**EXERCISE DIRECTIONS**
Everything in the records except the pictures must be copied out exactly.

─── SUPPLIED RECORDS

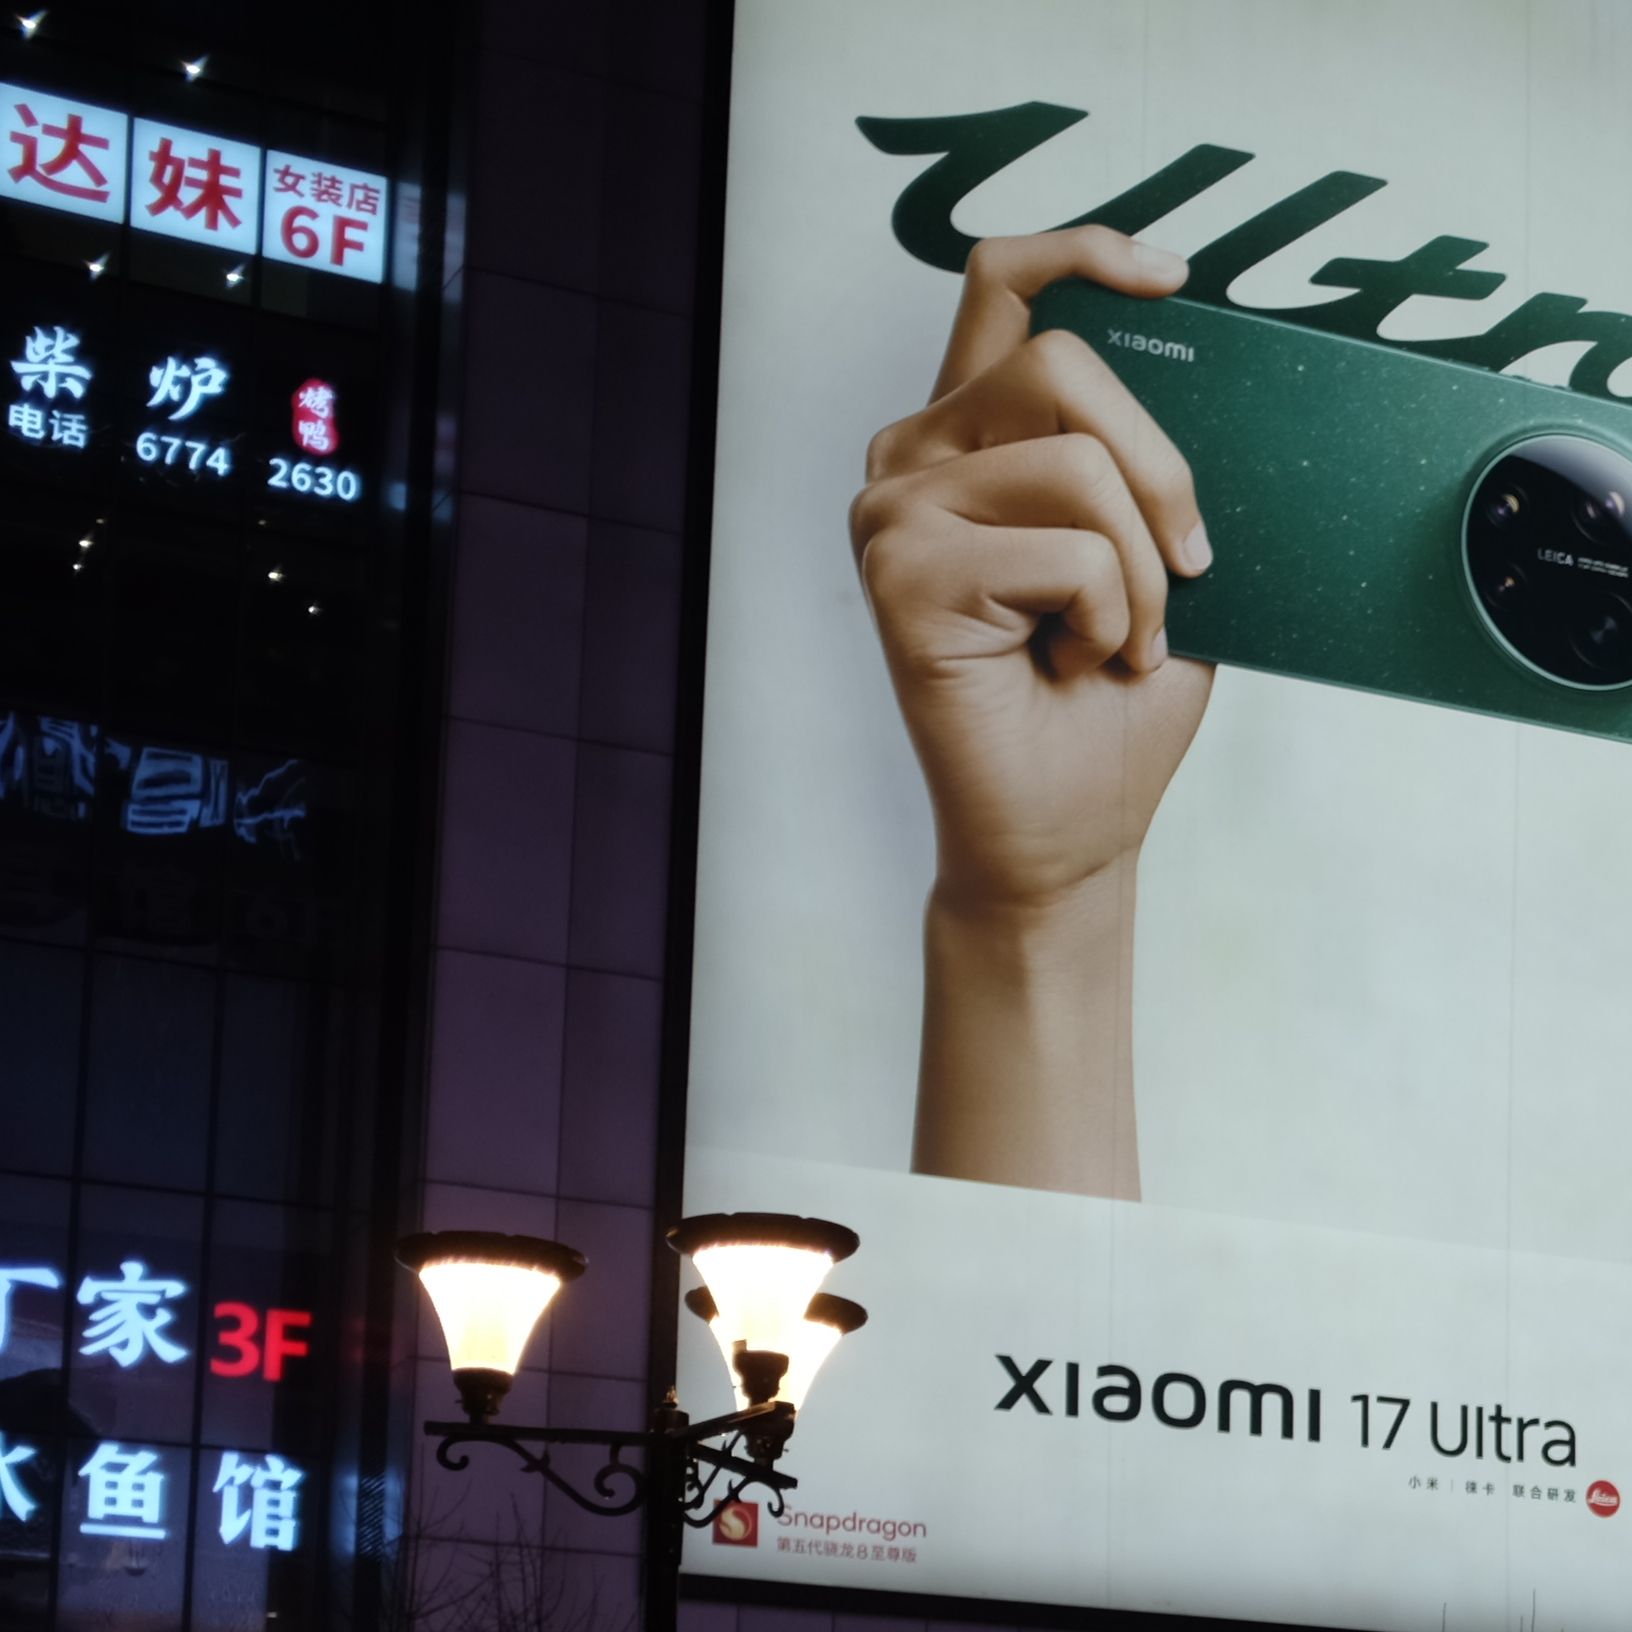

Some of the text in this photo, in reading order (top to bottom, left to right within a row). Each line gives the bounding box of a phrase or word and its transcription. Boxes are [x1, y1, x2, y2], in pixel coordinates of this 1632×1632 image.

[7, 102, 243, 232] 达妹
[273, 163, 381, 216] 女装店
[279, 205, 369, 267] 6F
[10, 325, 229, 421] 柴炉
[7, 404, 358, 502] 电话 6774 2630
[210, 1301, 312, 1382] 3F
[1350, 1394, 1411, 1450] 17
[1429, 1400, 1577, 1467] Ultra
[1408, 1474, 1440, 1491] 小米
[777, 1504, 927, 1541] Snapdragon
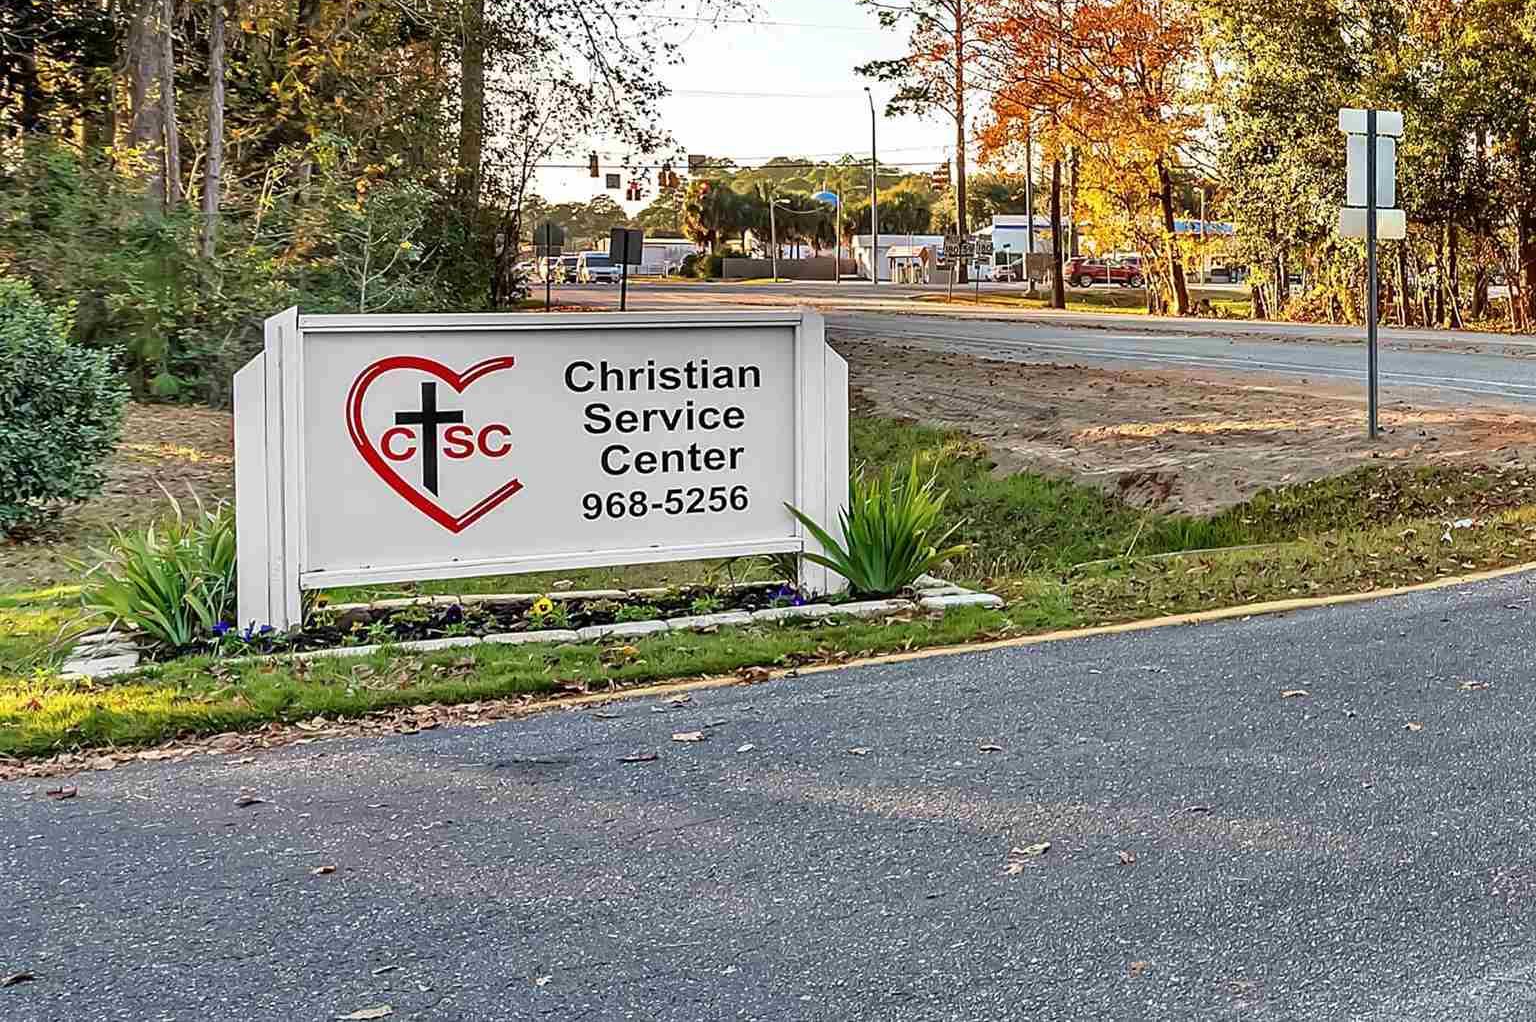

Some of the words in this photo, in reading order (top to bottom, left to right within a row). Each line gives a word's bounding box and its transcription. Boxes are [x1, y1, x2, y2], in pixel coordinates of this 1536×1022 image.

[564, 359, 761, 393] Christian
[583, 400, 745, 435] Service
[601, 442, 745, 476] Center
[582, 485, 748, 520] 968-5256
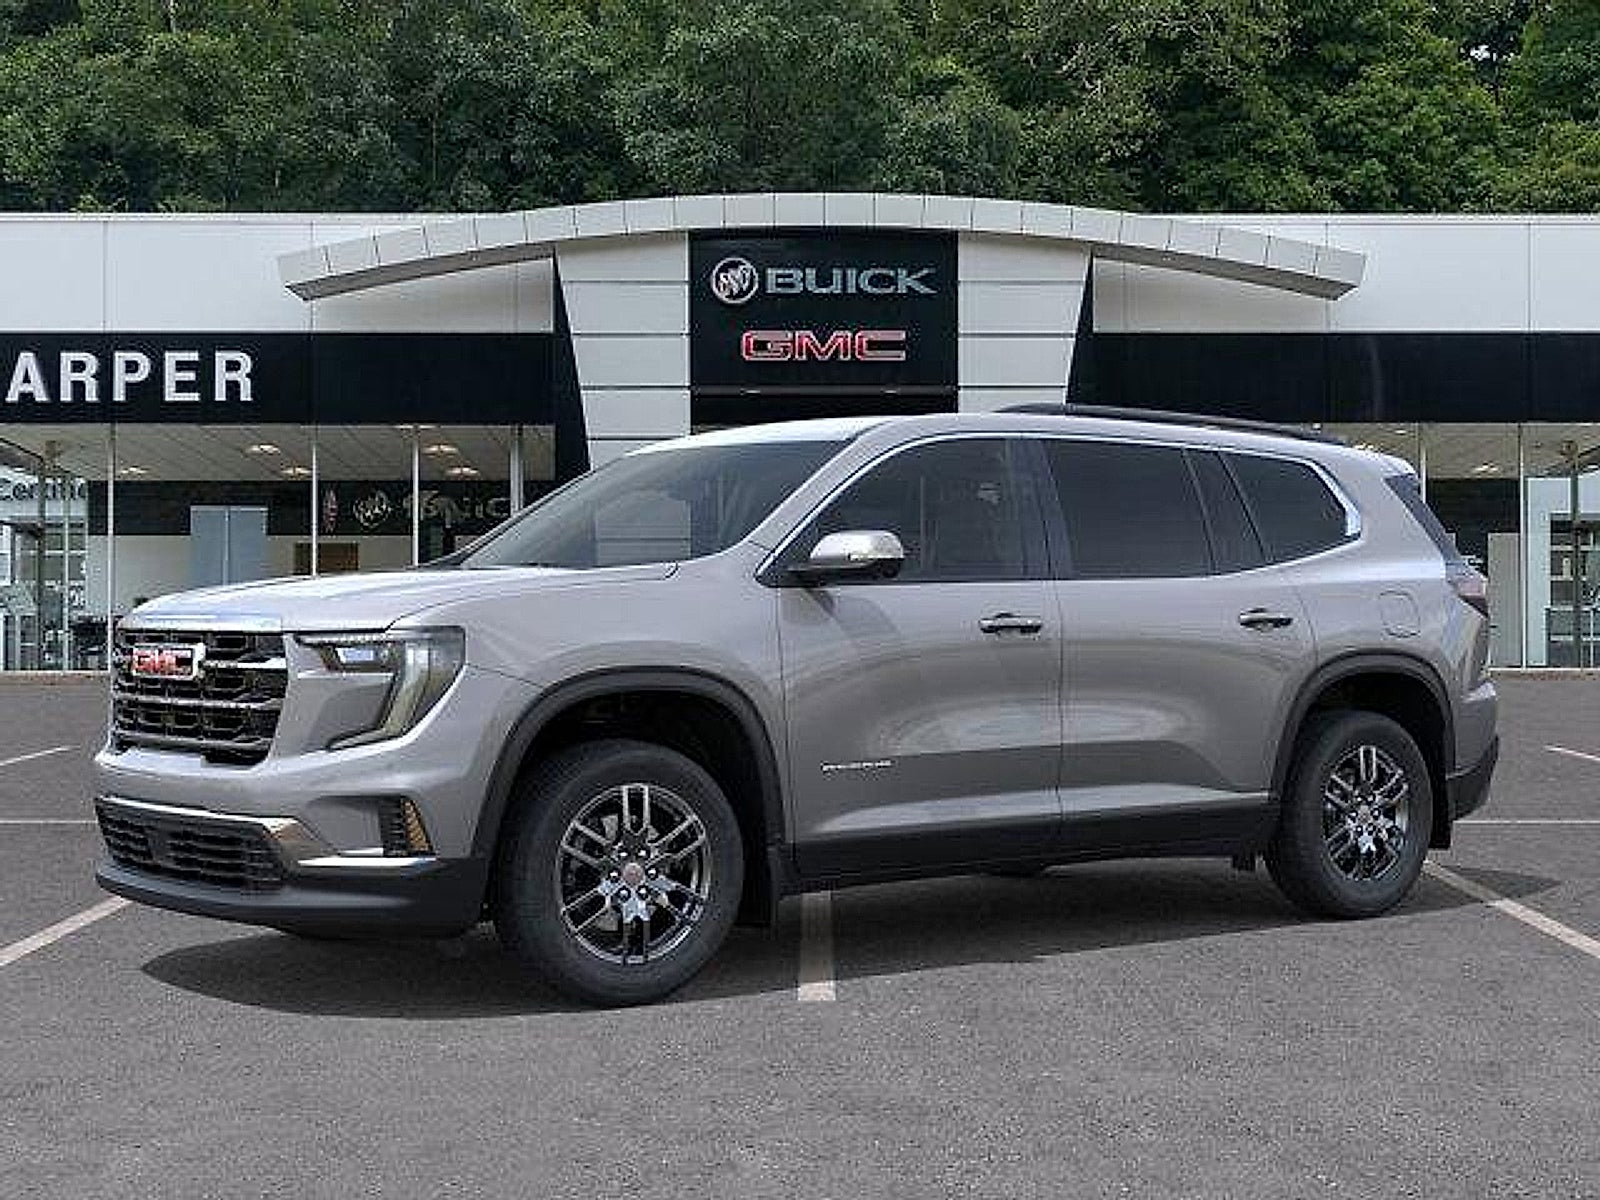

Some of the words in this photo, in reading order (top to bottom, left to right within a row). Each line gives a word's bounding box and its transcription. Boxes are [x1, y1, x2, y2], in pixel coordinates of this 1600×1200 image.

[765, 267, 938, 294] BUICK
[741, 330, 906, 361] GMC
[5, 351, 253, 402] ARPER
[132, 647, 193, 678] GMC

──────

**ANSWER SPACE**
Some of the text in this photo, in reading order (top to bottom, left to right within a row). Each line gives the bounding box of a phrase or word and its transcription. Boxes are [x1, y1, x2, y2], in pixel coordinates of this 1632×1632 image.

[7, 102, 243, 232] 达妹
[273, 163, 381, 216] 女装店
[279, 205, 369, 267] 6F
[10, 325, 229, 421] 柴炉
[7, 404, 358, 502] 电话 6774 2630
[210, 1301, 312, 1382] 3F
[1350, 1394, 1411, 1450] 17
[1429, 1400, 1577, 1467] Ultra
[1408, 1474, 1440, 1491] 小米
[777, 1504, 927, 1541] Snapdragon

Some of the words in this photo, in reading order (top to bottom, left to right within a row). Each line gives a word's bounding box and its transcription. Boxes are [x1, y1, x2, y2], in pixel coordinates of this 1536×1022 image.

[564, 359, 761, 393] Christian
[583, 400, 745, 435] Service
[601, 442, 745, 476] Center
[582, 485, 748, 520] 968-5256

Some of the words in this photo, in reading order (top to bottom, left to right within a row). Each line gives a word's bounding box and its transcription. Boxes are [x1, y1, x2, y2], in pixel coordinates of this 1600×1200 image.

[765, 267, 938, 294] BUICK
[741, 330, 906, 361] GMC
[5, 351, 253, 402] ARPER
[132, 647, 193, 678] GMC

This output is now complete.